_DESCRIPTION OF THE TASK_
Exclude images, then output the remaining data verbatim.

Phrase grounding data
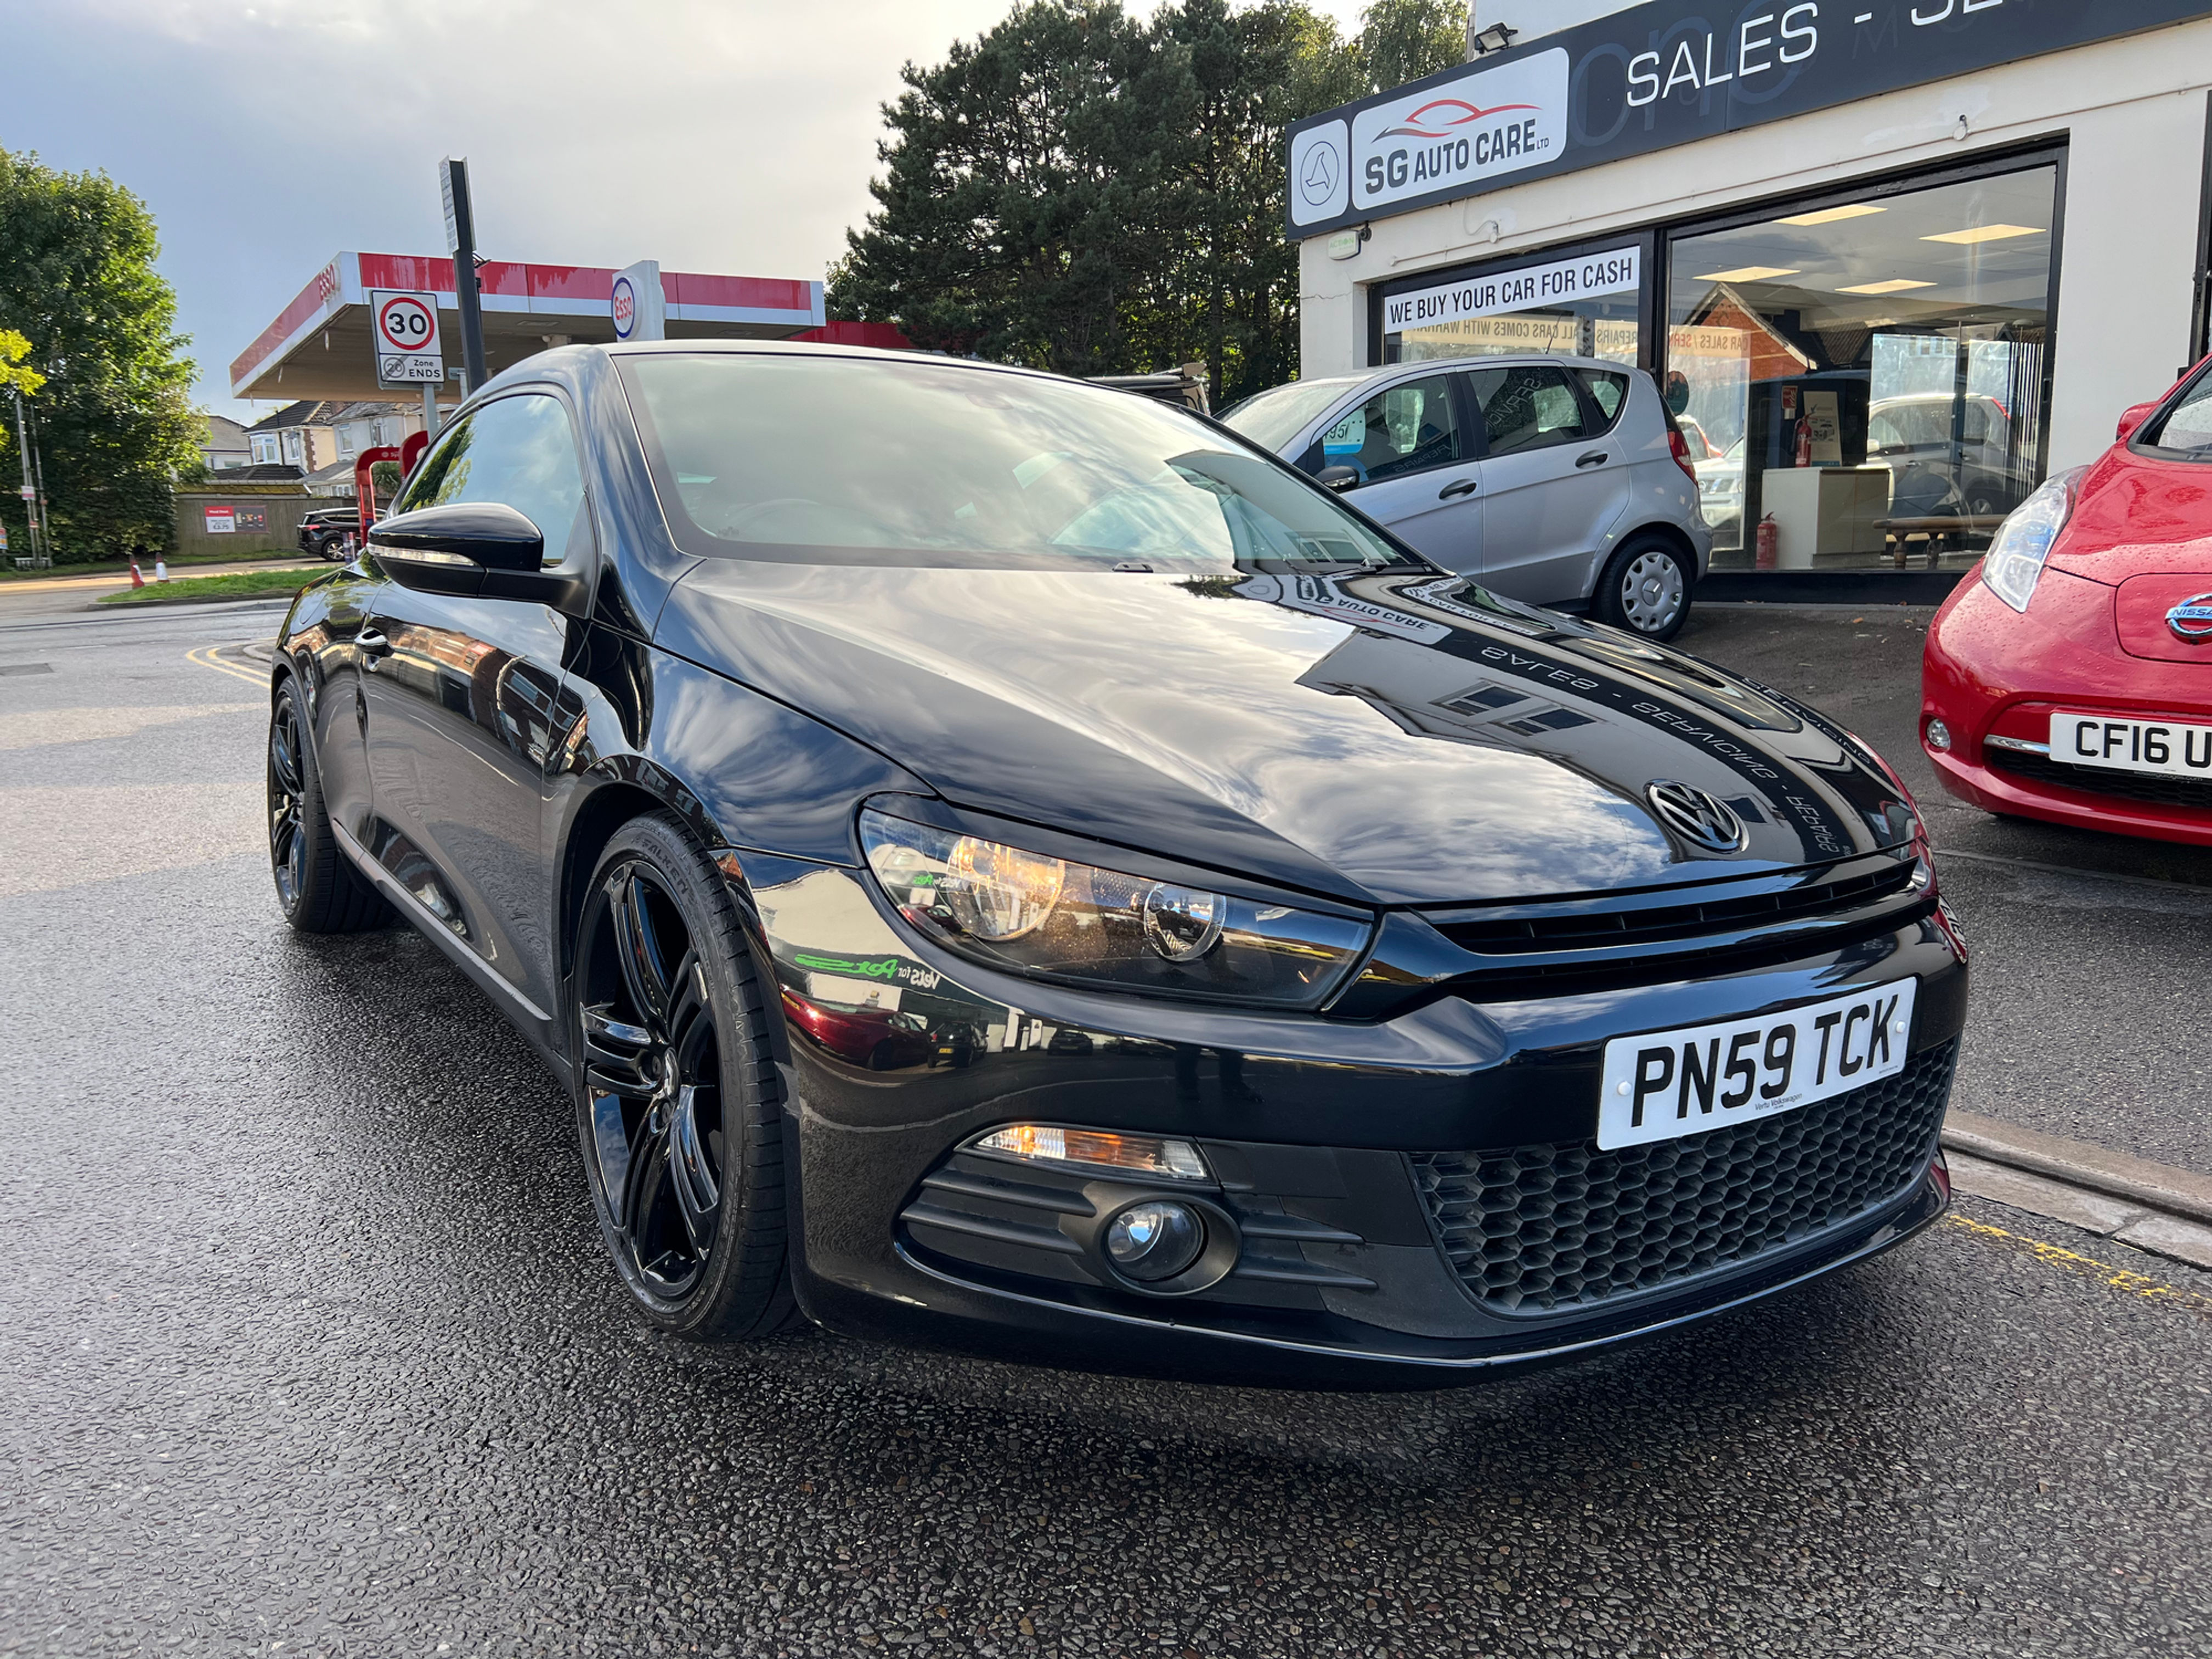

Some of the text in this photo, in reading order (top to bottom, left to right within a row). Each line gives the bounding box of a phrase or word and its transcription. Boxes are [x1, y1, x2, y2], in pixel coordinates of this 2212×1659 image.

[1626, 2, 1818, 107] SALES
[1365, 119, 1549, 194] SG AUTO CARE LTD
[1390, 257, 1632, 324] WE BUY YOUR CAR FOR CASH
[388, 313, 427, 335] 30
[386, 363, 403, 373] 20
[409, 369, 441, 378] ENDS
[2075, 720, 2170, 764] CF16
[1630, 994, 1899, 1128] PN59 TCK
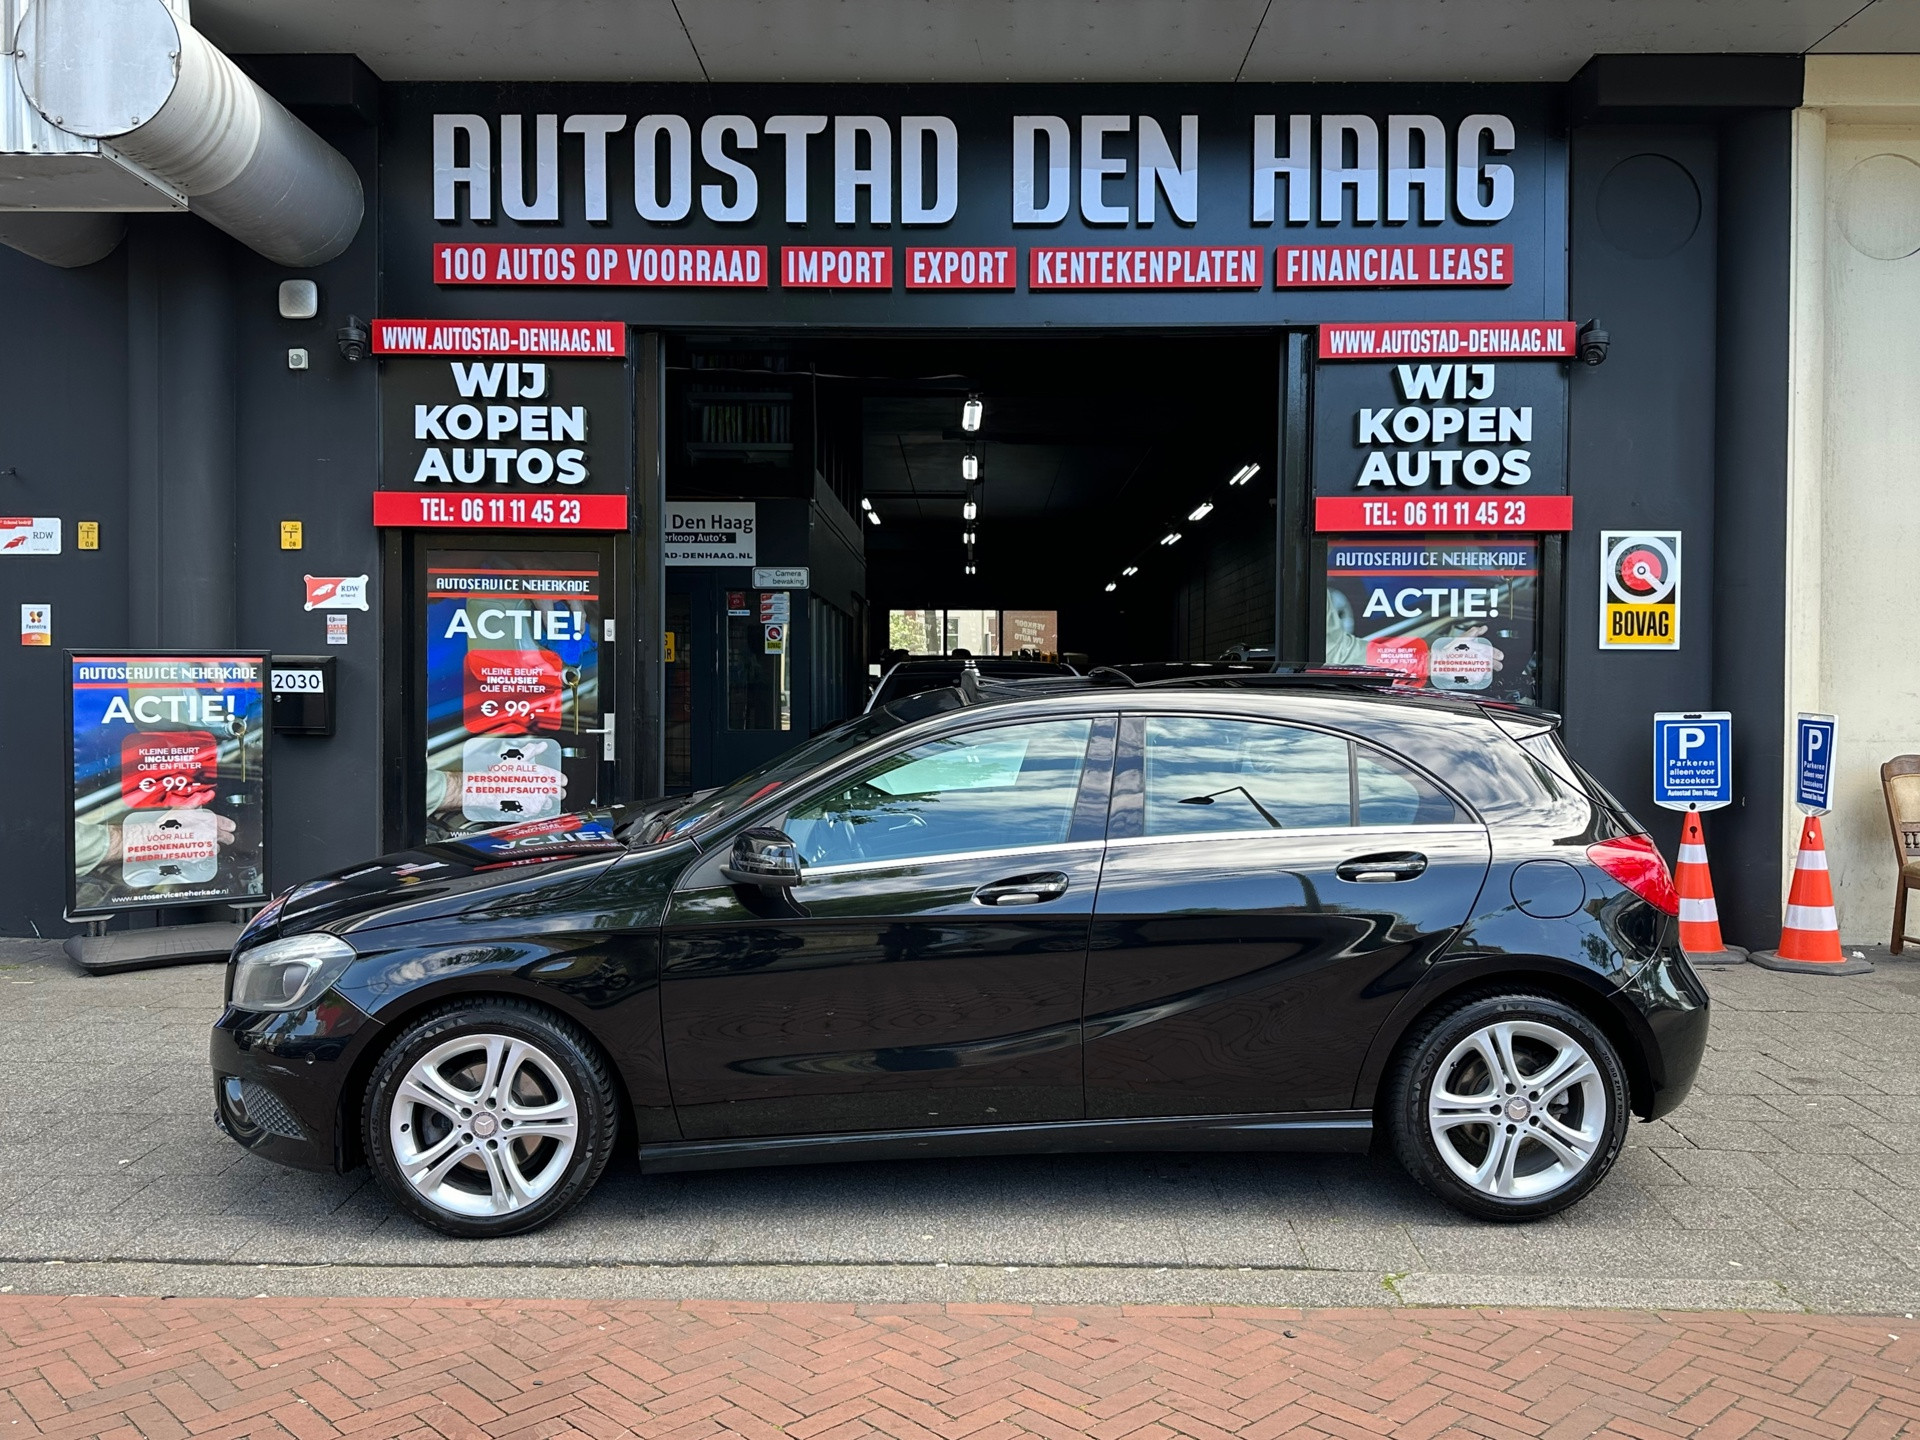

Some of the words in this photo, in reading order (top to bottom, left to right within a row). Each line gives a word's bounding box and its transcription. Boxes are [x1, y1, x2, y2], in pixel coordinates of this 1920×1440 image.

[433, 113, 959, 224] AUTOSTAD
[1012, 114, 1199, 224] DEN
[1252, 114, 1516, 222] HAAG
[441, 248, 486, 281] 100
[495, 249, 577, 281] AUTOS
[586, 249, 619, 282] OP
[626, 249, 761, 283] VOORRAAD
[787, 251, 886, 284] IMPORT
[913, 250, 1009, 284] EXPORT
[1037, 251, 1257, 284] KENTEKENPLATEN
[1286, 248, 1419, 283] FINANCIAL
[1428, 248, 1504, 281] LEASE
[381, 325, 615, 353] WWW.AUTOSTAD-DENHAAG.NL
[1330, 328, 1566, 354] WWW.AUTOSTAD-DENHAAG.NL
[450, 362, 547, 398] WIJ
[1398, 364, 1495, 399] WIJ
[414, 405, 587, 443] KOPEN
[1359, 406, 1533, 443] KOPEN
[413, 447, 587, 485] AUTOS
[1357, 449, 1532, 487] AUTOS
[420, 498, 455, 523] TEL:
[461, 498, 484, 523] 06
[488, 499, 505, 523] 11
[508, 499, 527, 523] 11
[530, 500, 555, 524] 45
[558, 500, 581, 524] 23
[1363, 502, 1397, 526] TEL:
[1404, 502, 1427, 525] 06
[1432, 502, 1448, 525] 11
[1453, 502, 1469, 525] 11
[1475, 502, 1498, 525] 45
[1504, 501, 1526, 525] 23
[672, 514, 706, 530] Den
[711, 514, 754, 534] Haag
[697, 533, 727, 543] Auto's
[1335, 551, 1439, 567] AUTOSERVICE
[1441, 551, 1527, 567] NEHERKADE
[436, 578, 520, 591] AUTOSERVICE
[522, 579, 590, 592] NEHERKADE
[1362, 588, 1500, 618] ACTIE!
[444, 608, 583, 642] ACTIE!
[1612, 610, 1670, 637] BOVAG
[79, 666, 178, 680] AUTOSERVICE
[180, 666, 258, 680] NEHERKADE
[273, 674, 320, 689] 2030
[481, 668, 512, 676] KLEINE
[514, 668, 544, 676] BEURT
[487, 676, 539, 684] INCLUSIEF
[480, 684, 501, 692] OLIE
[502, 684, 515, 692] EN
[516, 685, 546, 693] FILTER
[101, 695, 236, 724] ACTIE!
[480, 700, 499, 717] €
[504, 700, 545, 719] 99,-
[138, 748, 170, 756] KLEINE
[171, 747, 200, 755] BEURT
[144, 755, 195, 763] INCLUSIEF
[137, 763, 159, 771] OLIE
[173, 762, 202, 770] FILTER
[487, 765, 515, 773] VOOR
[1669, 759, 1715, 767] Parkeren
[1669, 768, 1694, 776] alleen
[138, 777, 157, 793] €
[162, 776, 201, 794] 99,-
[467, 775, 557, 784] PERSONENAUTO'S
[475, 786, 558, 795] BEDRIJFSAUTO'S
[146, 833, 172, 842] VOOR
[173, 832, 195, 840] ALLE
[127, 841, 213, 853] PERSONENAUTO'S
[135, 850, 215, 863] BEDRIJFSAUTO'S
[111, 888, 229, 903] www.autoserviceneherkade.nl

_RESPONSE FOR THIS EXERCISE_
Some of the text in this photo, in reading order (top to bottom, left to right within a row). Each line gives the bounding box of a phrase or word and its transcription. Boxes are [x1, y1, x2, y2], in pixel coordinates of this 2212×1659 image.

[1626, 2, 1818, 107] SALES
[1365, 119, 1549, 194] SG AUTO CARE LTD
[1390, 257, 1632, 324] WE BUY YOUR CAR FOR CASH
[388, 313, 427, 335] 30
[386, 363, 403, 373] 20
[409, 369, 441, 378] ENDS
[2075, 720, 2170, 764] CF16
[1630, 994, 1899, 1128] PN59 TCK

Some of the words in this photo, in reading order (top to bottom, left to right within a row). Each line gives a word's bounding box and its transcription. Boxes are [x1, y1, x2, y2], in pixel coordinates of this 1920×1440 image.

[433, 113, 959, 224] AUTOSTAD
[1012, 114, 1199, 224] DEN
[1252, 114, 1516, 222] HAAG
[441, 248, 486, 281] 100
[495, 249, 577, 281] AUTOS
[586, 249, 619, 282] OP
[626, 249, 761, 283] VOORRAAD
[787, 251, 886, 284] IMPORT
[913, 250, 1009, 284] EXPORT
[1037, 251, 1257, 284] KENTEKENPLATEN
[1286, 248, 1419, 283] FINANCIAL
[1428, 248, 1504, 281] LEASE
[381, 325, 615, 353] WWW.AUTOSTAD-DENHAAG.NL
[1330, 328, 1566, 354] WWW.AUTOSTAD-DENHAAG.NL
[450, 362, 547, 398] WIJ
[1398, 364, 1495, 399] WIJ
[414, 405, 587, 443] KOPEN
[1359, 406, 1533, 443] KOPEN
[413, 447, 587, 485] AUTOS
[1357, 449, 1532, 487] AUTOS
[420, 498, 455, 523] TEL:
[461, 498, 484, 523] 06
[488, 499, 505, 523] 11
[508, 499, 527, 523] 11
[530, 500, 555, 524] 45
[558, 500, 581, 524] 23
[1363, 502, 1397, 526] TEL:
[1404, 502, 1427, 525] 06
[1432, 502, 1448, 525] 11
[1453, 502, 1469, 525] 11
[1475, 502, 1498, 525] 45
[1504, 501, 1526, 525] 23
[672, 514, 706, 530] Den
[711, 514, 754, 534] Haag
[697, 533, 727, 543] Auto's
[1335, 551, 1439, 567] AUTOSERVICE
[1441, 551, 1527, 567] NEHERKADE
[436, 578, 520, 591] AUTOSERVICE
[522, 579, 590, 592] NEHERKADE
[1362, 588, 1500, 618] ACTIE!
[444, 608, 583, 642] ACTIE!
[1612, 610, 1670, 637] BOVAG
[79, 666, 178, 680] AUTOSERVICE
[180, 666, 258, 680] NEHERKADE
[273, 674, 320, 689] 2030
[481, 668, 512, 676] KLEINE
[514, 668, 544, 676] BEURT
[487, 676, 539, 684] INCLUSIEF
[480, 684, 501, 692] OLIE
[502, 684, 515, 692] EN
[516, 685, 546, 693] FILTER
[101, 695, 236, 724] ACTIE!
[480, 700, 499, 717] €
[504, 700, 545, 719] 99,-
[138, 748, 170, 756] KLEINE
[171, 747, 200, 755] BEURT
[144, 755, 195, 763] INCLUSIEF
[137, 763, 159, 771] OLIE
[173, 762, 202, 770] FILTER
[487, 765, 515, 773] VOOR
[1669, 759, 1715, 767] Parkeren
[1669, 768, 1694, 776] alleen
[138, 777, 157, 793] €
[162, 776, 201, 794] 99,-
[467, 775, 557, 784] PERSONENAUTO'S
[475, 786, 558, 795] BEDRIJFSAUTO'S
[146, 833, 172, 842] VOOR
[173, 832, 195, 840] ALLE
[127, 841, 213, 853] PERSONENAUTO'S
[135, 850, 215, 863] BEDRIJFSAUTO'S
[111, 888, 229, 903] www.autoserviceneherkade.nl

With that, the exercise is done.